I know this isn't exactly the same thing, but I think I prefer Doom over Descent and it's probably more of an AmeriTrash game then Descent, which is probably why more Euro esque people prefer Descent over Doom. Especially with the expansion which adds Deathmatch and CTF the conflict just rises up a notch.
Sorry to use Doom as an example of a dungeon crawl, it's obviously not of the same nature as the other games mentioned.

Jonas said...

Forgot to login, I made comments about Doom

Anonymous said...

I look at Dungeon Twister as a step up from the abstracts that my oldest likes to play (like Gobblet), and that will hopefully be a bridge toward more heavily themed games. I've still got Talisman waiting patiently in the basement, so when they're ready, the kids are going to get it sprung on them.

My plan with the C&C games as a gateway into wargaming seems to be working, so I figure that DT will provide a similar bridge.

Unknown said...

mtlawson said...
I've still got Talisman waiting patiently in the basement, so when they're ready, the kids are going to get it sprung on them.


What are you waiting for? My daughter has been playing Talisman since she old enough to read and add.

Mr Skeletor said...

What the hell?
I come here to relax with friends after the latest BGG adventures and what do I find?
A bunch of crotchety old Dungeonquest motherfuckers bashing the greatest dungeoncrawl of all time, descent!
What a pack of fucking moaners. Go play your D&D 3.8 with your friendly dungeon master who makes awsome stories where you can't die, you wimps.
Drakon is an interesting one as to where it fits. It feels like an AT even though on paper it probably shouldn't be. It's certainly amongst the nastiest games I own, and people who don't think it has much player interaction (especially with 2 players) hasn't played the game enough. I love it. Jury is still out on cave troll.
Dungeon Twister should be an AT that just doesn't feel like one.
Overall my votes

Drakon: AT
Dungeon Twister: ???
Descent: AT

Jonas said...

I own Drakon and enjoy it very much. It can be a nasty game especially with certain tiles.
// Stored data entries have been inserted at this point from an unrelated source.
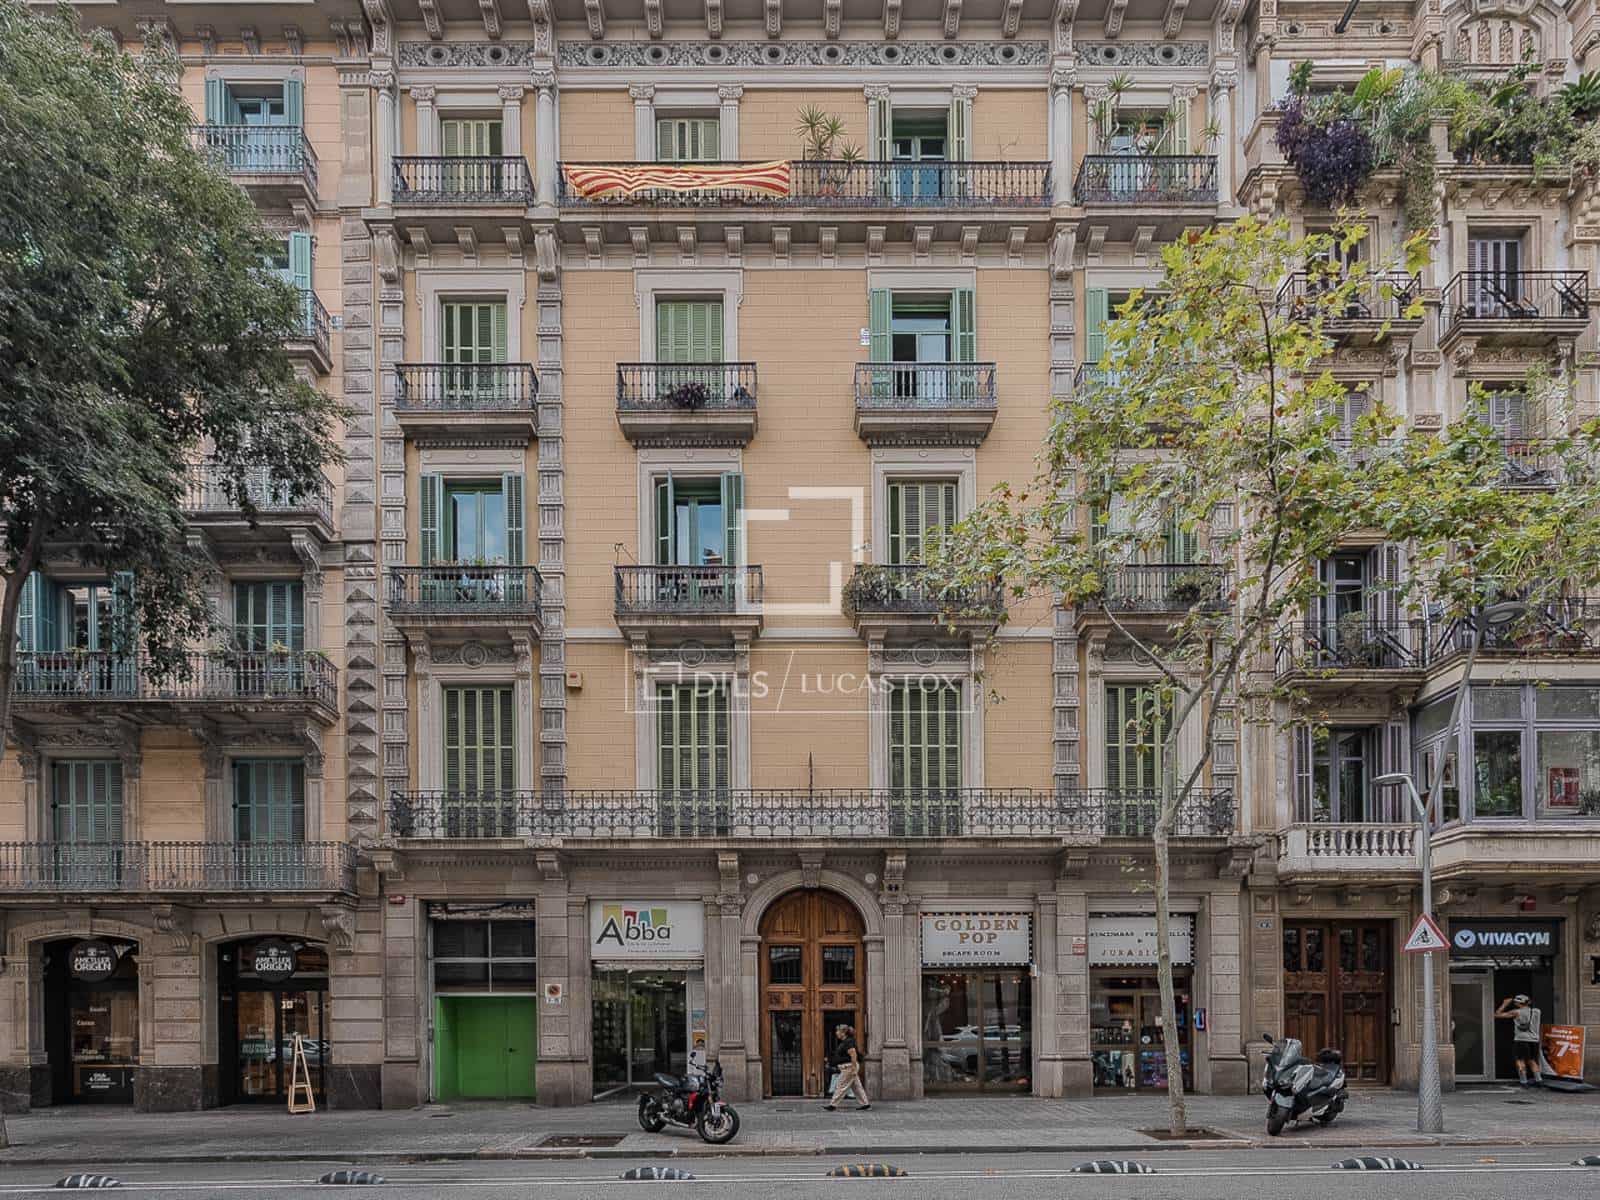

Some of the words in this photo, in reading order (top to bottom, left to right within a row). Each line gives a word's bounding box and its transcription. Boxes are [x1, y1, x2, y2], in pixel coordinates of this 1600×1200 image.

[934, 919, 1019, 931] GOLDEN
[596, 917, 671, 946] Abba
[959, 932, 998, 944] POP
[1477, 932, 1550, 945] VIVAGYM
[74, 962, 112, 971] ORIGEN
[256, 962, 293, 971] ORIGEN
[1556, 1041, 1570, 1057] 7
I think it plays best with 6 players with 3 vs 3 teams play to 20 gold then everyone on your team has to escape. Another way we have played is 3 vs 3 and if Drakon got anyone your team didn't lose gold but that player was eliminated.
I think the problem that people get into with Drakon is that they expect more out of it, if that makes sense.

Anonymous said...

I'm in the Descent does suck camp. I suspect the big problem with it is the scenarios. The first section is a big room full of monsters. The second section is a big room full of slightly harder to kill monsters. Lather, rinse, repeat.

I'm all for Warhammer Quest. (Which is just shy of D&D, but is the pinnacle of GW excess.)
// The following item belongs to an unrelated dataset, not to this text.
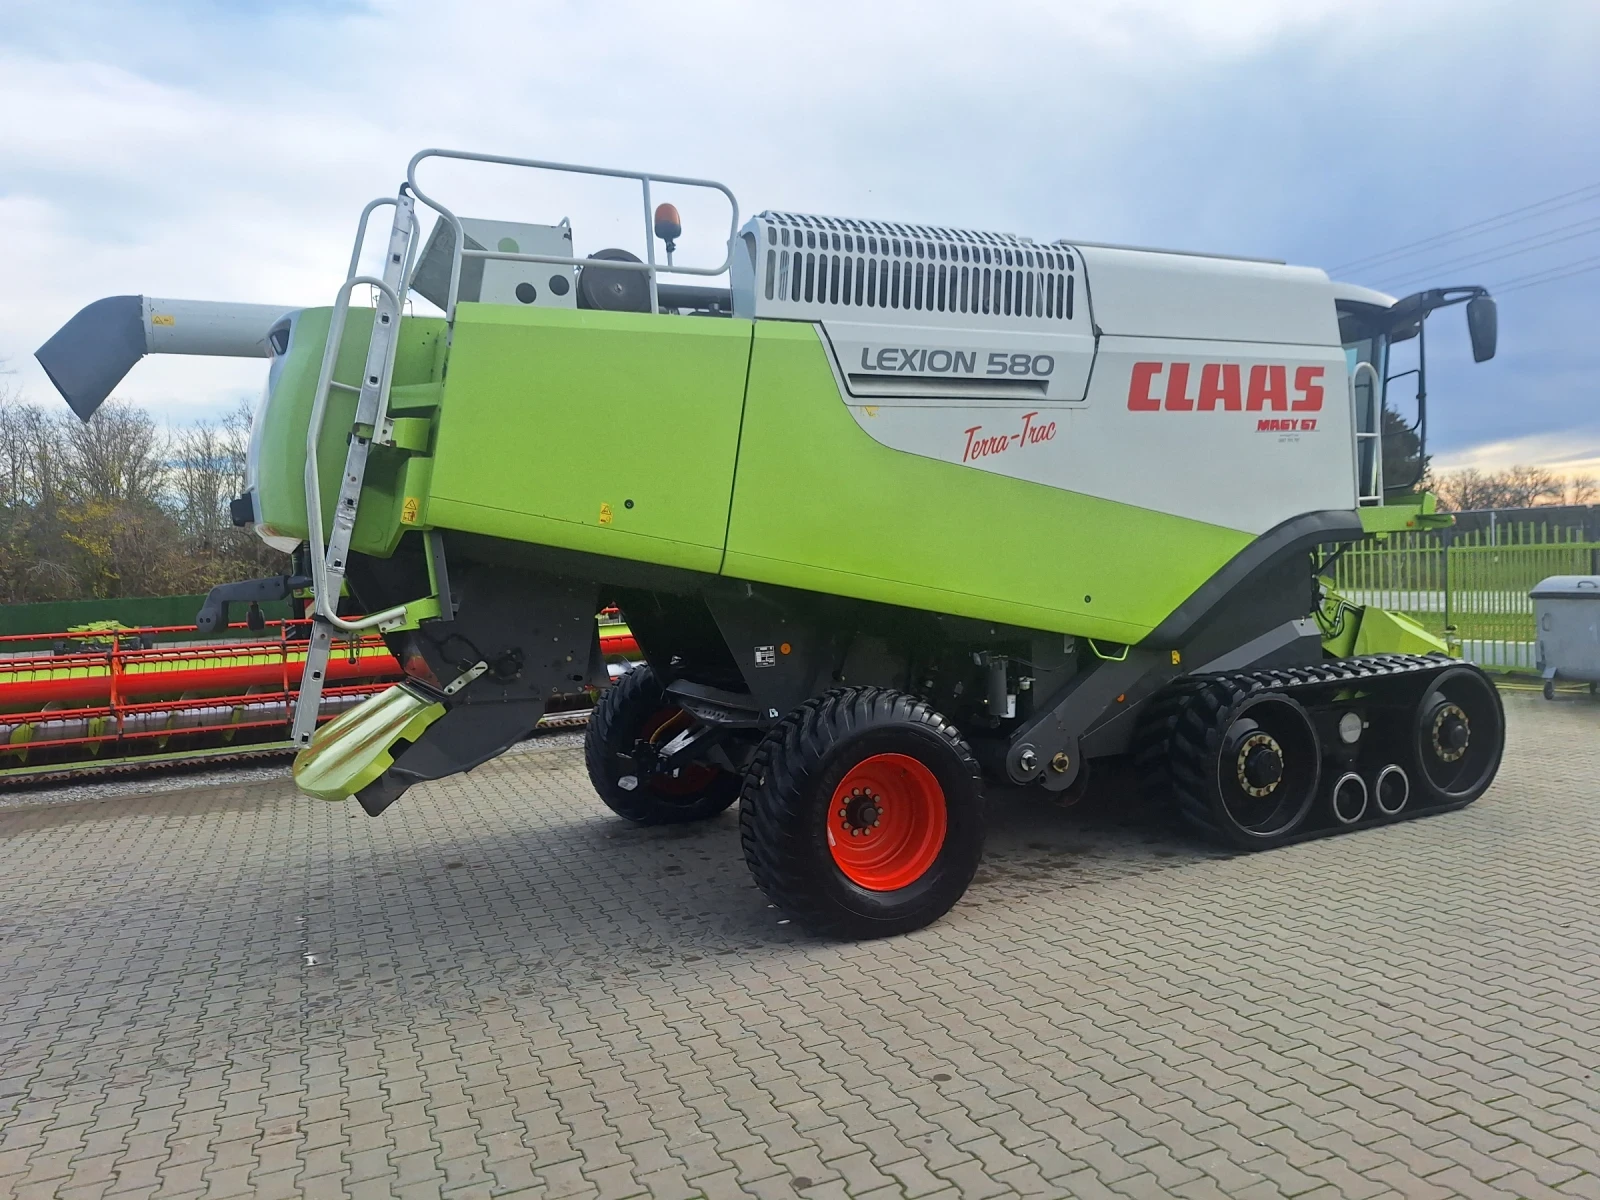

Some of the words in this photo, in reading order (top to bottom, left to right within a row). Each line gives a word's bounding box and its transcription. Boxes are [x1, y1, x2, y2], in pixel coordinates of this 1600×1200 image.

[861, 347, 977, 374] LEXION
[986, 353, 1055, 377] 580
[1127, 361, 1325, 412] CLAAS
[962, 411, 1057, 463] Terra-Trac
And of course, Mutant Chronicles. Everything that people like about Descent is in there, but simpler and faster.

The crown jewel, however, is the campaign game. That changes the game dramatically. About the third mission, all sense of cooperation between the marines breaks down, and it turns into a backstabbing and kill-stealing sort of game.

A kind of "He's ahead on points. Let's block off his retreat and laugh as the Ezoghoul eats him."

And don't forger to add random turn order every round.

The only thing it is missing is Overwatch.

Mr Skeletor said...

Jack:
How does Warhammer quest not have those problems? If anything they are worse due to the stupidly big squares the game used (places much less emphasis on maneuverability) and retarded "monster magically appears next to you" rule.
Siege is indeed a classic game, but I honestly think it could do with being a few degrees more complex than it is.

Anonymous said...

Descent is so awesome that my head explodes into a thousand shards of gooey joy just thinking about how friggin' cool it is!

It's the ultimate hybrid of boardgame and fantasy RPG and if that's not your cup o' joe, then avoid it, but if you have a passion for either, I HIGHLY recommend picking this BEAST up right now!!!

As an added bonus, the core set box is big enough to bury a small child in (not that I'm suggesting anything...)

Michael Barnes said...

I agree with Jack Hill (and thank you for directing both FOXY BROWN and SPIDER BABY, one of the greatest cult horror pictures ever).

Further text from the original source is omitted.